Why a question from 35 years ago is problematical today


For a variety of reasons I’ve recently been remembering a fellow called Len Potts, a man many consider the greatest creative mind in the history of New Zealand advertising.


I knew Len a bit because we played some golf together where I watched him smoke more cigarettes than I’ve ever seen anybody consume over 18 holes.


Len’s work is still fondly remembered nearly 10 years after he died because, among other campaigns, he was behind the Crumpy and Scotty ads for Toyota Hi-Lux and the “Sailing Away” song for the first America’s Cup challenge.


My favourite Len Potts work though is from 1990. They were actually ads for the Bank of New Zealand in the days before it was called the BNZ and owned by the Aussies.


But it was more than advertising, it was a philosophical reflection of the times. The series featured some archetypal kiwi themes – a beach, a bach, a boat, Saturday morning kids rugby, a Maori carving – and references throughout the series to Aotearoa.


The brilliance of the campaign comes through Potts own Benson and Hedges soaked vocal chords intoning “Who are you? You’re a New Zealander.” It actually goes on to say “.. and we are your bank” as the New Zealand flag flutters under Murray Grindlay’s music.


The bank was sold to the Aussies a couple of years later but that’s another story.


So that was 35 years ago, for me half a lifetime back. It’s a time that only about half of us will remember with any clarity yet the question that Len Potts asked and answered back then should be as relevant today as it was in 1990. Sadly it’s not.


In 2025 if you ask “who are you” how many would say “I’m a New Zealander.” Many might say ‘I’m a Maori,” others perhaps “I’m gay or queer or trans,” or “I have a disability.”


A combination of identity politics, indoctrination through education and a mainstream media lacking awareness of the need to reflect the entirety of New Zealand society means that we have a nation way more divided than it was thirty five years ago.


Maybe I’m being soppy and nostalgic in my pensioner years but wouldn’t it be a better place if the immediate response from all of us to Lens Potts’ question was still “I’m a New Zealander”?


So why are we such a disjointed and incohesive society?

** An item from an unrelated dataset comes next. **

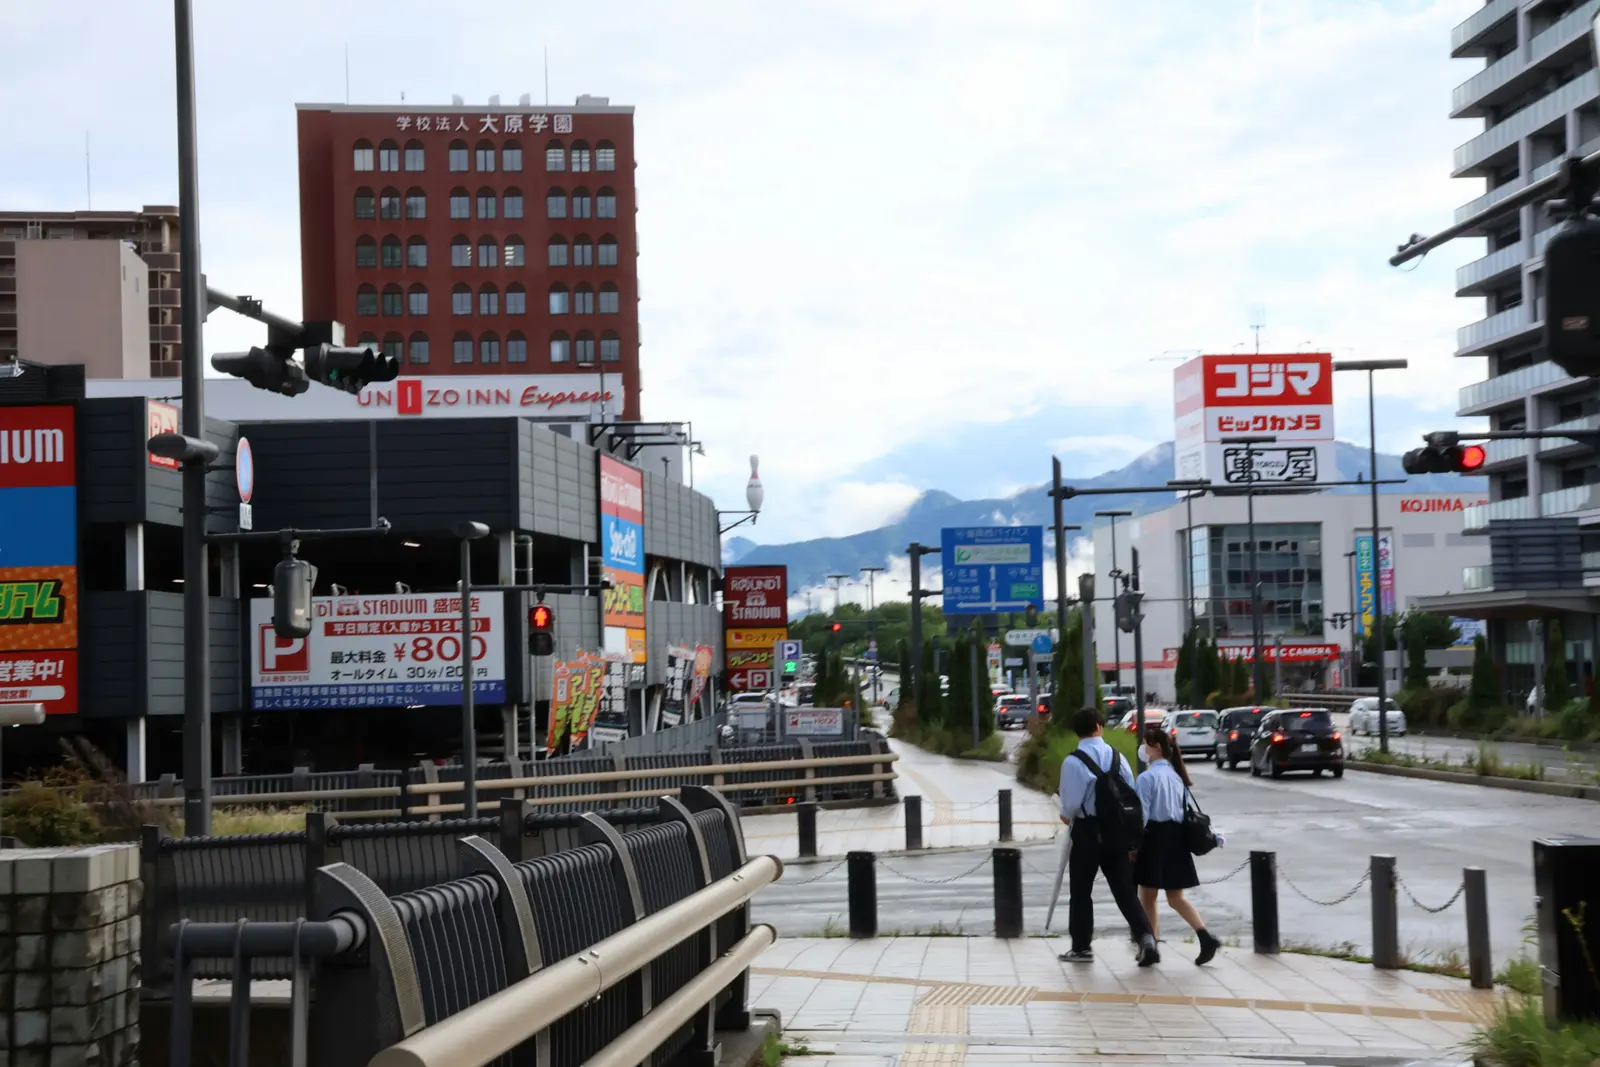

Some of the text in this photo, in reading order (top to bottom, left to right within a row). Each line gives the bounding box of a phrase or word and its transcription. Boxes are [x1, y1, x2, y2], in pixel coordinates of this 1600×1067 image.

Bizarrely for a series of television commercials, I felt a sense of national pride as I watched those bank advertisements , even if they didn’t convince me to change banks.


But remember this was a time before significant economic and technology change. It was five years before the first treaty settlement with Waikato Tainui, eight years before Google was developed and seventeen years before the iPhone changed our lives.


While few deny some form of reparation has been due for the misdeeds of early colonists, those settlements have evolved into a constant stream of entitlement by Maori leaders while economically underprivileged Maori are still no better off than they were before the cash and compensation wagon was unhitched.


Treaty settlements and internet technology were touted as forces for good when we first encountered them. But really haven’t they been the foundations for a time of self-absorption, of perceived victimhood and of a country wracked by intersectionality?


Len Potts asked a very relevant question all those years ago, the year we called the Sesquicentennial - 150 years from the signing of the Treaty of Waitangi.


Who are you?


I’m proud to say I’m a New Zealander. I just wish everybody who lives in this great land would identify that way before anything else.


A video version of this essay was presented on Family First’s 100th episode of Straight Talk on November 3, 2025


Writer and broadcaster for half a century. Now watching from the sidelines. Subscribe to Peter William's Substack here

 
 
 

6 Comments


winder44
winder44
2 hours ago

A NEW ZEALANDER! Me too!

And as far as treaty settelments: Only the top few benefit greatly. All tied up in charitable trusts with the trustees paid huge sums for governership.

The needy (useful idiots) get the crumbs.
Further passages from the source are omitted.